Which is why the muted media reaction the recent Texas law that was passed to supersede immigration federal laws is mind boggling. That is not to say that the story hasn’t been “covered” by the media as the Biden Administration got an assist from the US Supreme Court, which sided with federal immigration officials having control over the US Mexican border.
But the media is unable to break out of their myopic daily coverage and provide a more accurate telling of this story by using context. Is that asking too much? If a person is arrested for a brutal crime, it’s a far better story when reporters find out the assailant has a long violent history, or more interesting, appears to have no history of violence. Either answer gives a reader the context to better understand what happened and why (a failed criminal justice system or poor medical health detection efforts).
Efforts like Texas challenging federal immigration law—a move supported by 25 GOP Governors—have a long and failed history in the US and has been throughly discredited by a long list of distinguished Americans including Presidents Madison, Jackson, Lincoln and Eisenhower and several Supreme Court decisions that have upheld the plain text of the Supremacy Clause in the Constitution. Yet the media fails to provide their readers with a history of this unconstitutional behavior, just as they do when they write about the past history of a criminal.
But the problem is far deeper than the media failing to properly put Texas’ unconstitutional effort to usurp federal law into context, because the media should not have to tell people that the sky is blue everyday. Where are all those pocket-sized constitutions when you need ithem?! What do we teach in college-level history and government classes? Apparently the US is overwhelmed by attorneys who weren’t paying attention in their ConLaw classes.
Given the history of the run-up to the Civil War and Civil Rights movement of the 1950s and 60s, certainly the American elites—elected officials, journalists and pundits—know that federal law trumps state law. Why they act as they do is a subject for another day. But there is a natural check to these elites who omit basic content, and that is the audience the elites are trying to influence. You may recognize this “audience” as “We the People…” from Constitution.

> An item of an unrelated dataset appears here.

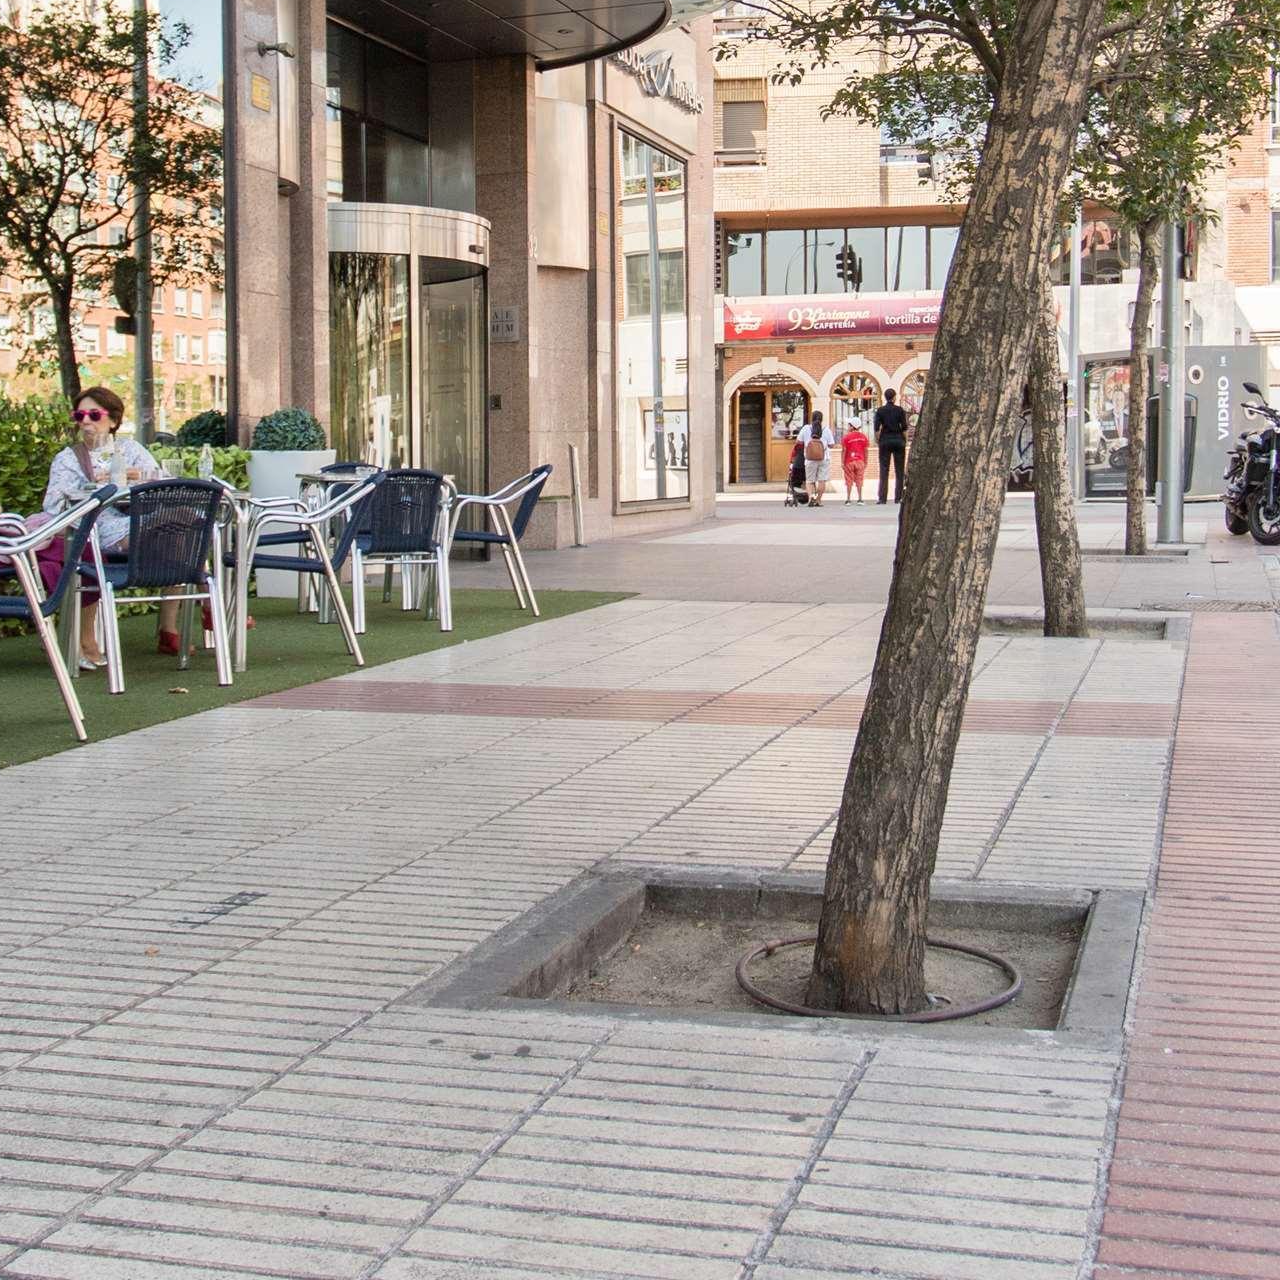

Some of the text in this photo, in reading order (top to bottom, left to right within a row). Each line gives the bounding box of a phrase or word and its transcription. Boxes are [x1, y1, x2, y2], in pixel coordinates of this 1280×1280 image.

[787, 308, 816, 331] 93
[885, 312, 937, 325] tortilla de
[1217, 375, 1230, 441] VIDRIO
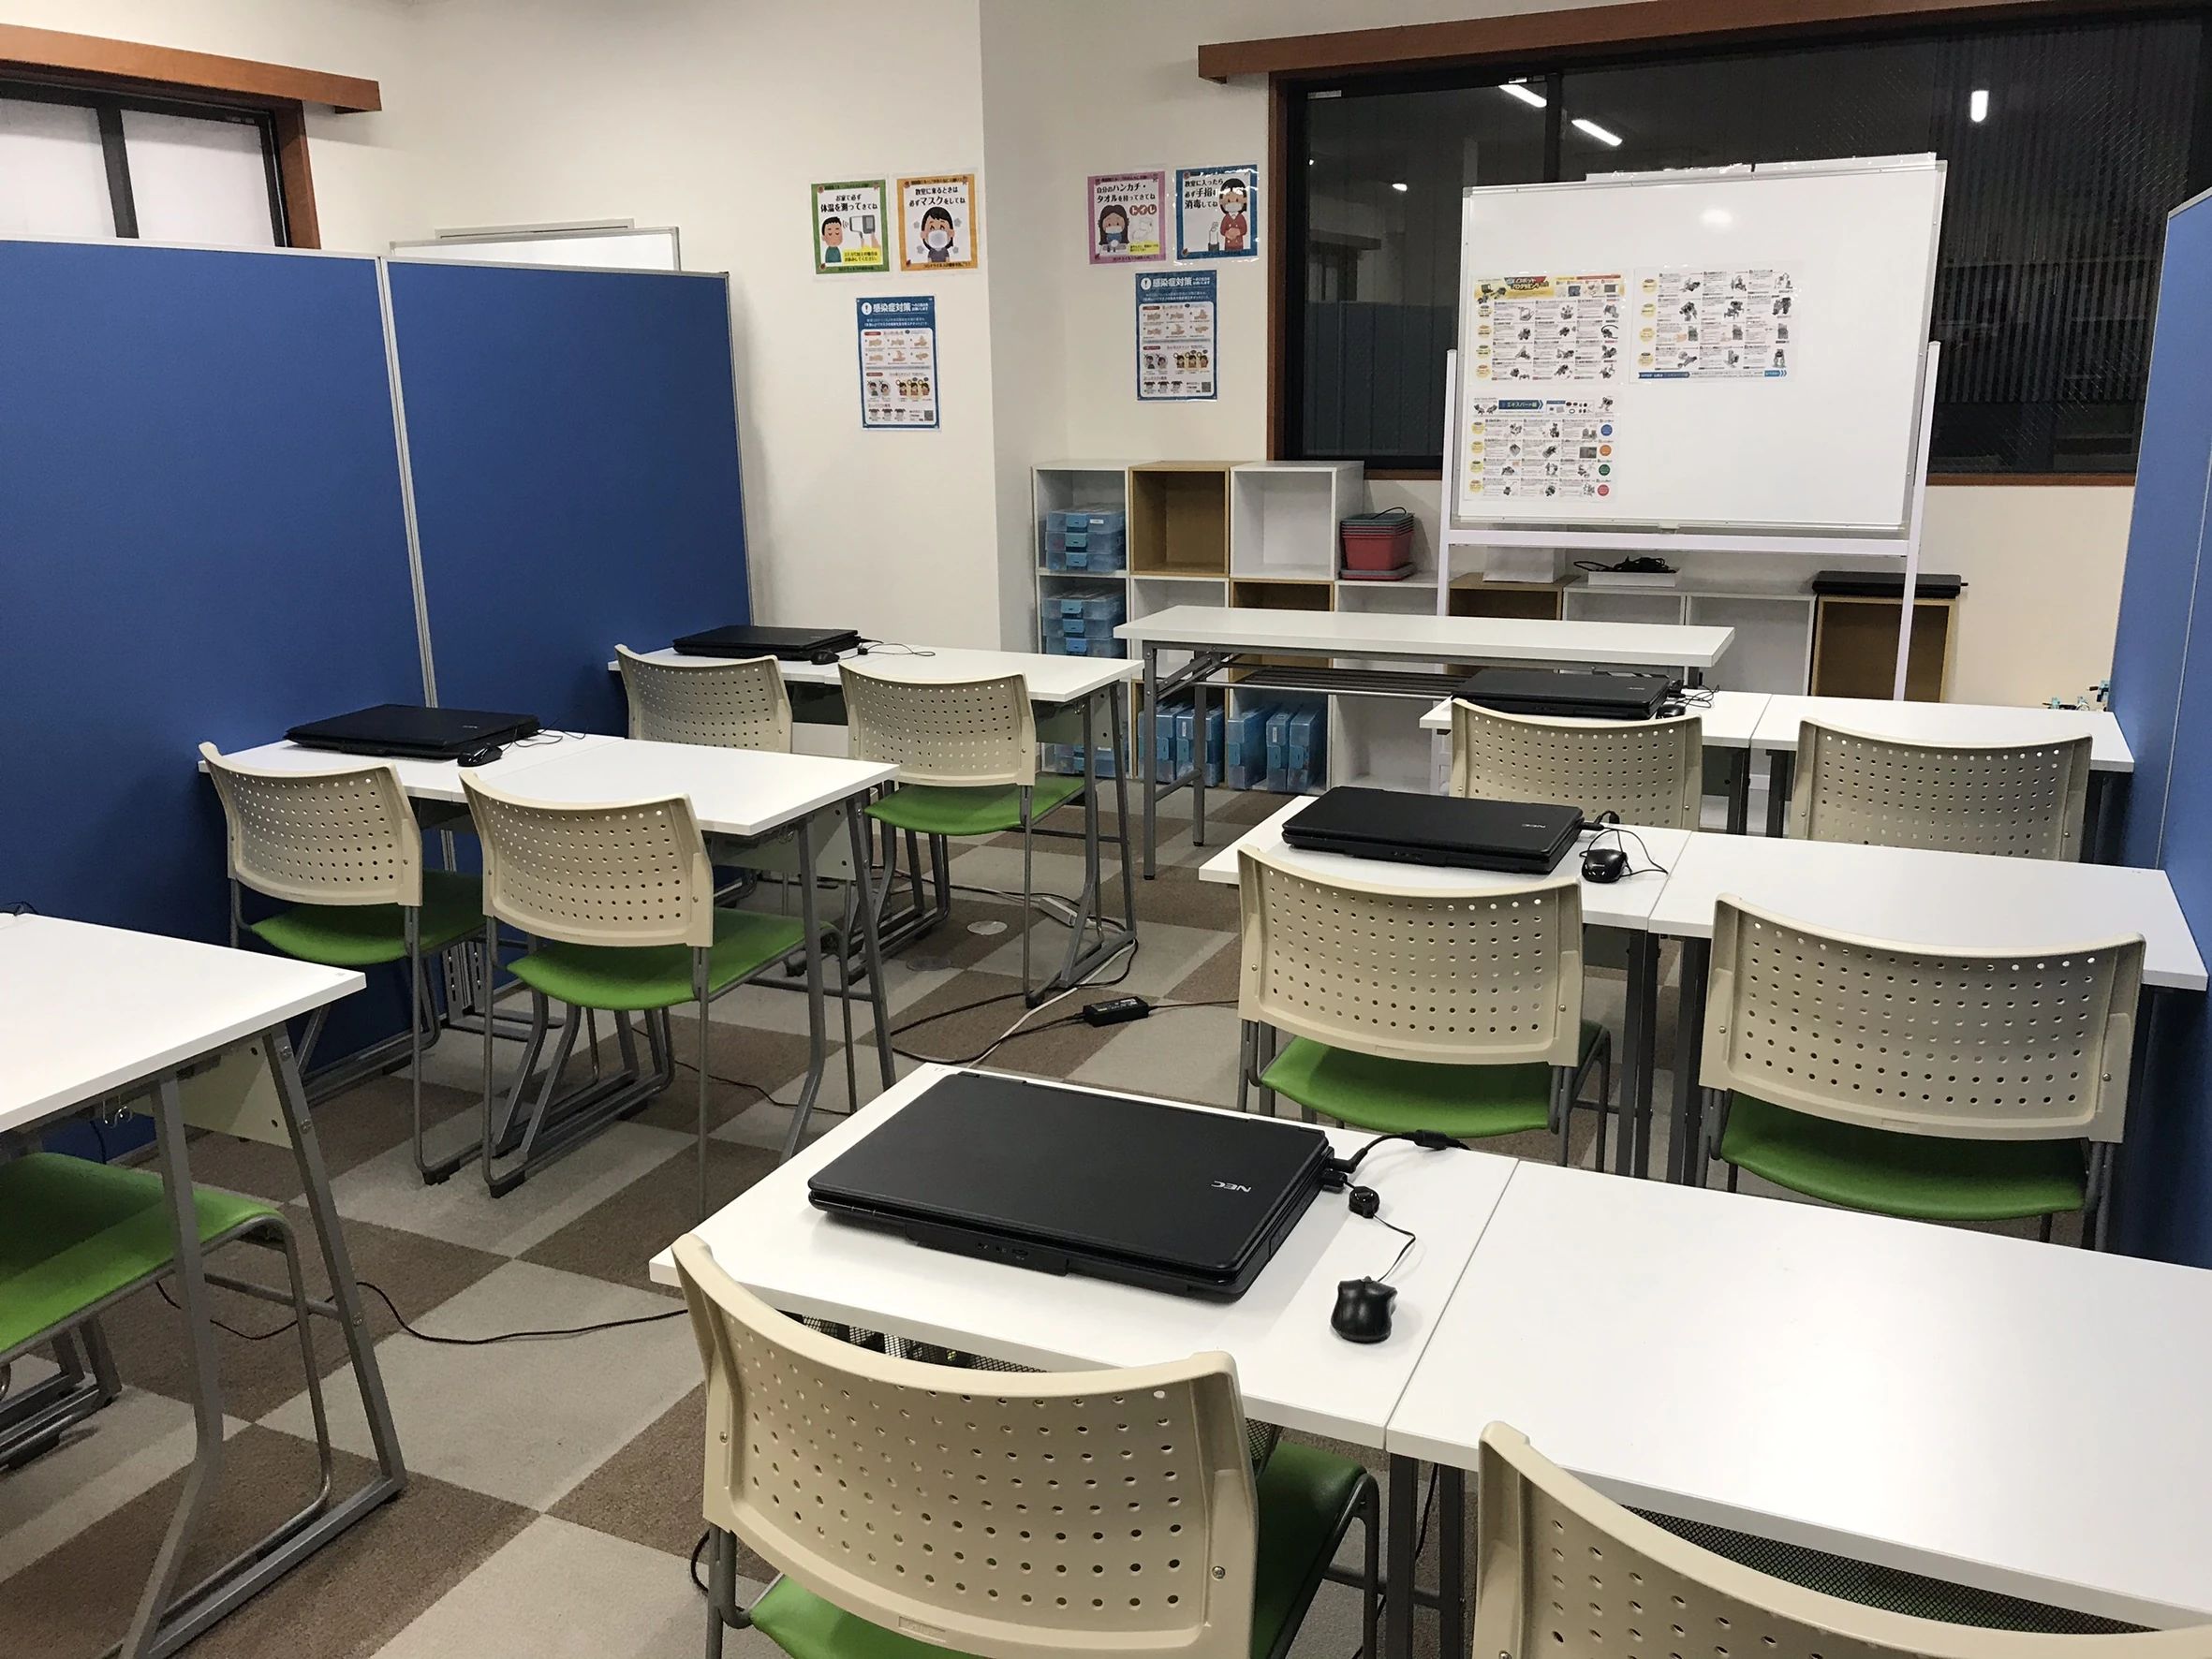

The fact is most of “We the People…” have a very poor understanding of the Constitution and Texas’ challenge to federal law is a clear example of this. Federal law having supremacy over state and local laws is not an obscure or esoteric concept. Along with concepts like “checks and balances”, it makes-up the DNA of the Republic. If “We the People…” can not form a society that understands the basic rules from which we operate on (like the Constitution) then elites will be able to do as they want.